Free-text object descriptions
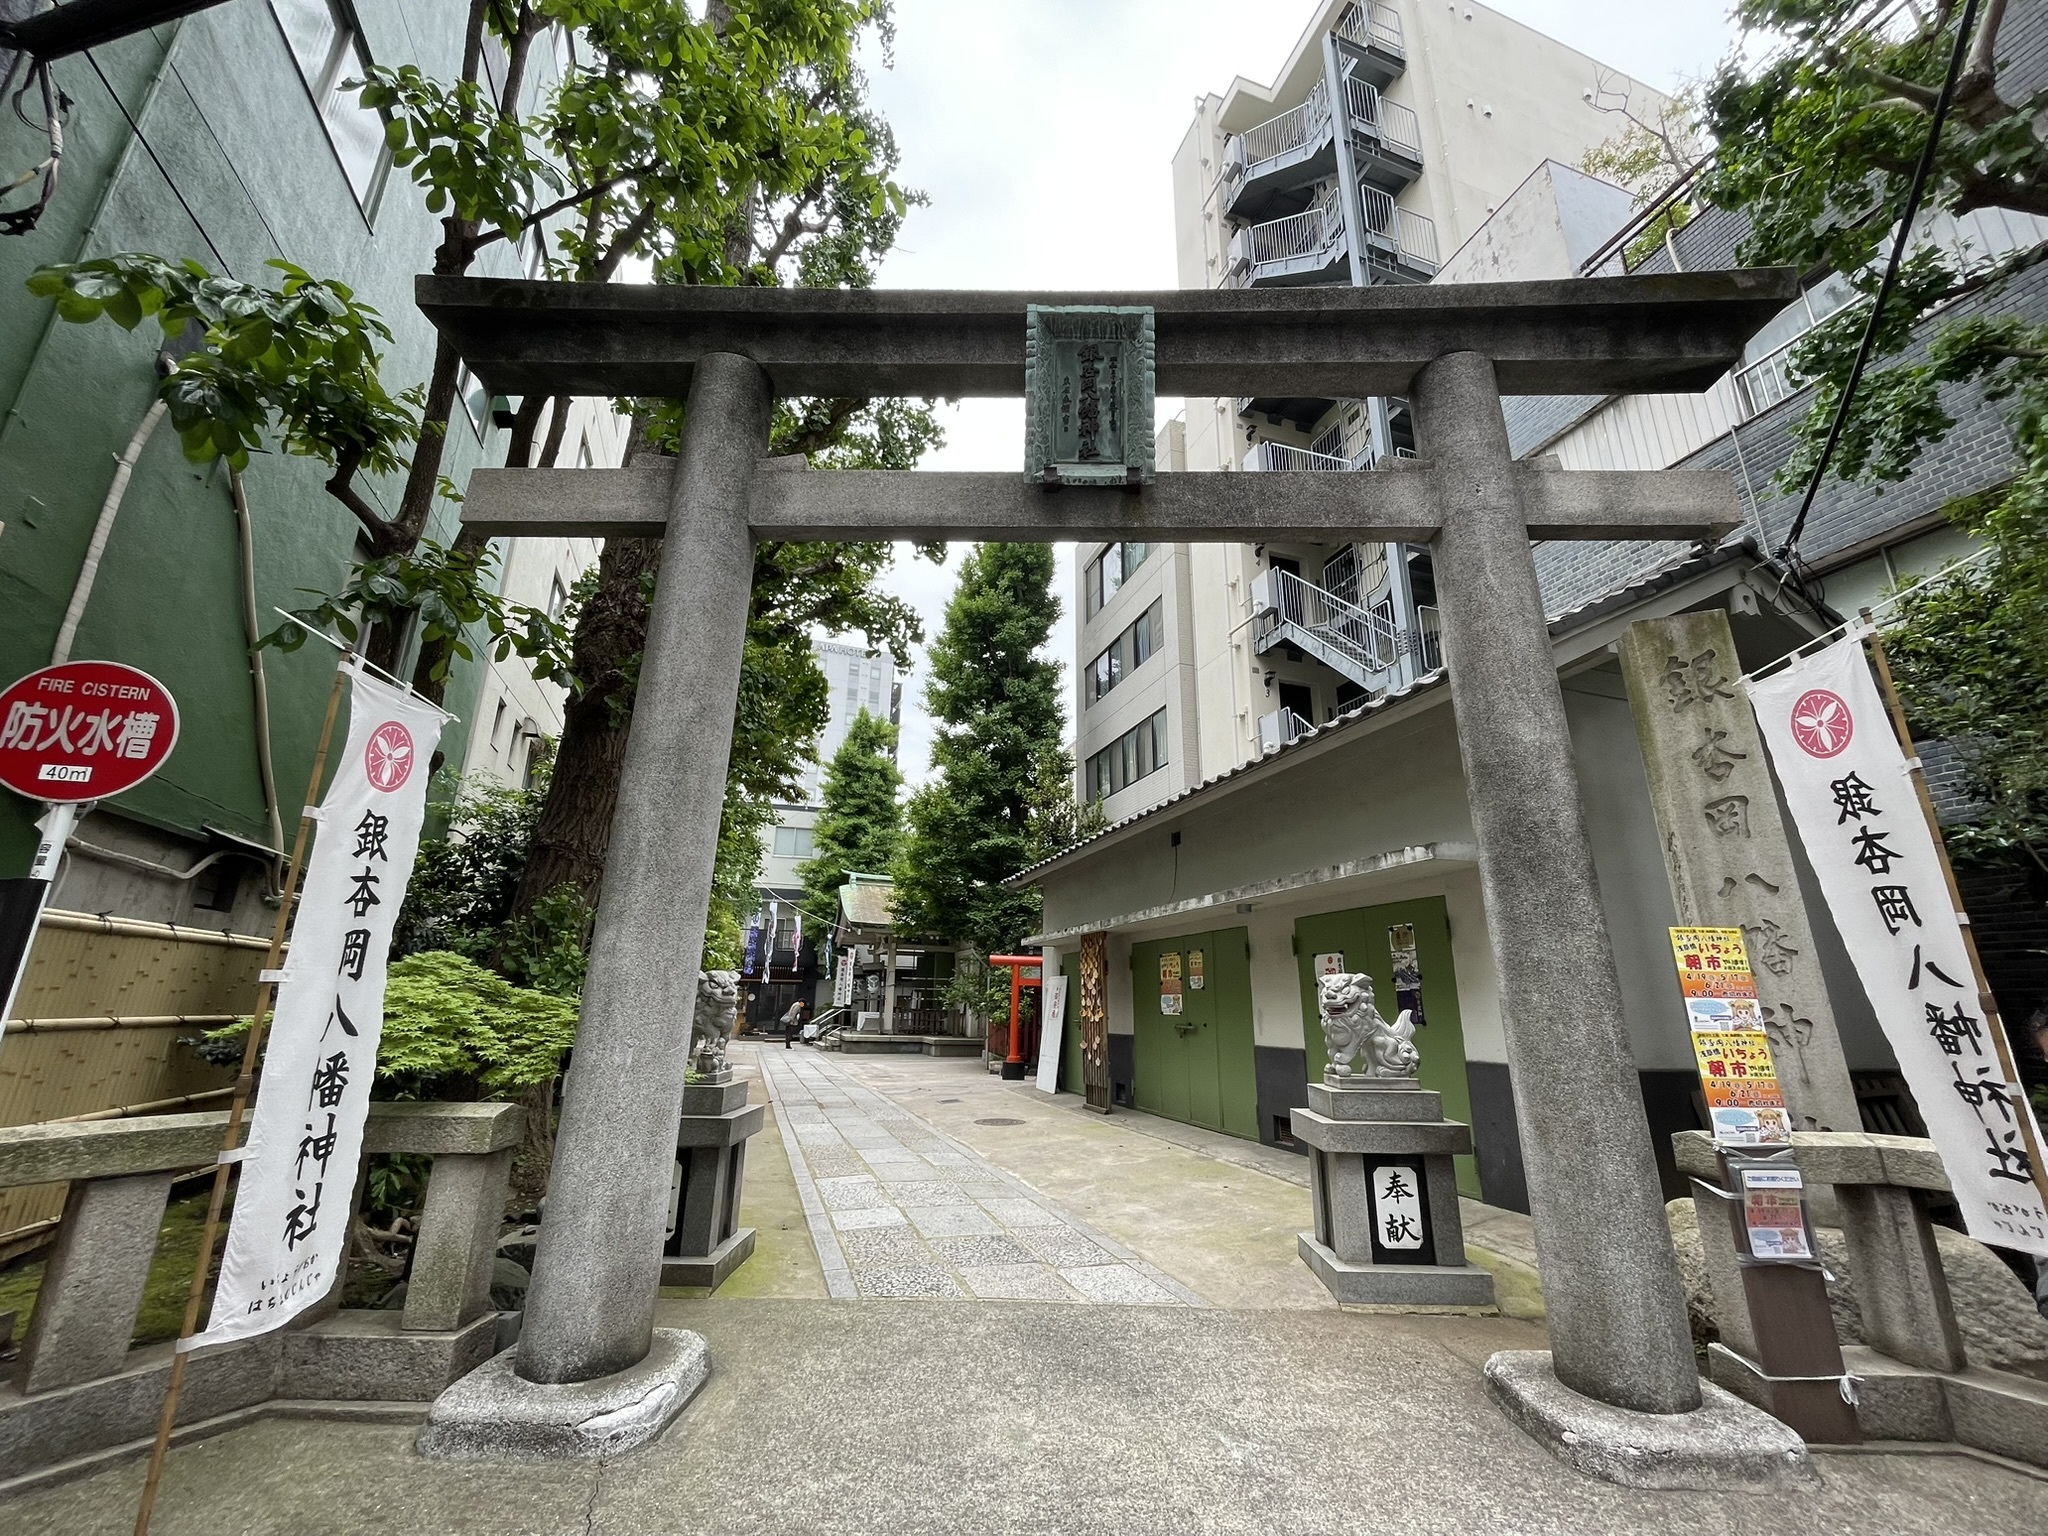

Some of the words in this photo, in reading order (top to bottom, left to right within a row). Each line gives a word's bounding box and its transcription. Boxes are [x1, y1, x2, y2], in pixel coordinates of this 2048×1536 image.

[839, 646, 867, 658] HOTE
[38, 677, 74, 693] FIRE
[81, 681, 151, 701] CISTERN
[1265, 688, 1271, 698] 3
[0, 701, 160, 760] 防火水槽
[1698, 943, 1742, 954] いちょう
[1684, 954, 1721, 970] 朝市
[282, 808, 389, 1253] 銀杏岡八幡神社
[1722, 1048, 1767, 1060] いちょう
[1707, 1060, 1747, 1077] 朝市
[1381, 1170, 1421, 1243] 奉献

▸ Your objective
Write out the records above once more, word for word, with no pictures.

▸ Response to this task
Some of the words in this photo, in reading order (top to bottom, left to right within a row). Each line gives a word's bounding box and its transcription. Boxes are [x1, y1, x2, y2], in pixel coordinates of this 2048×1536 image.

[839, 646, 867, 658] HOTE
[38, 677, 74, 693] FIRE
[81, 681, 151, 701] CISTERN
[1265, 688, 1271, 698] 3
[0, 701, 160, 760] 防火水槽
[1698, 943, 1742, 954] いちょう
[1684, 954, 1721, 970] 朝市
[282, 808, 389, 1253] 銀杏岡八幡神社
[1722, 1048, 1767, 1060] いちょう
[1707, 1060, 1747, 1077] 朝市
[1381, 1170, 1421, 1243] 奉献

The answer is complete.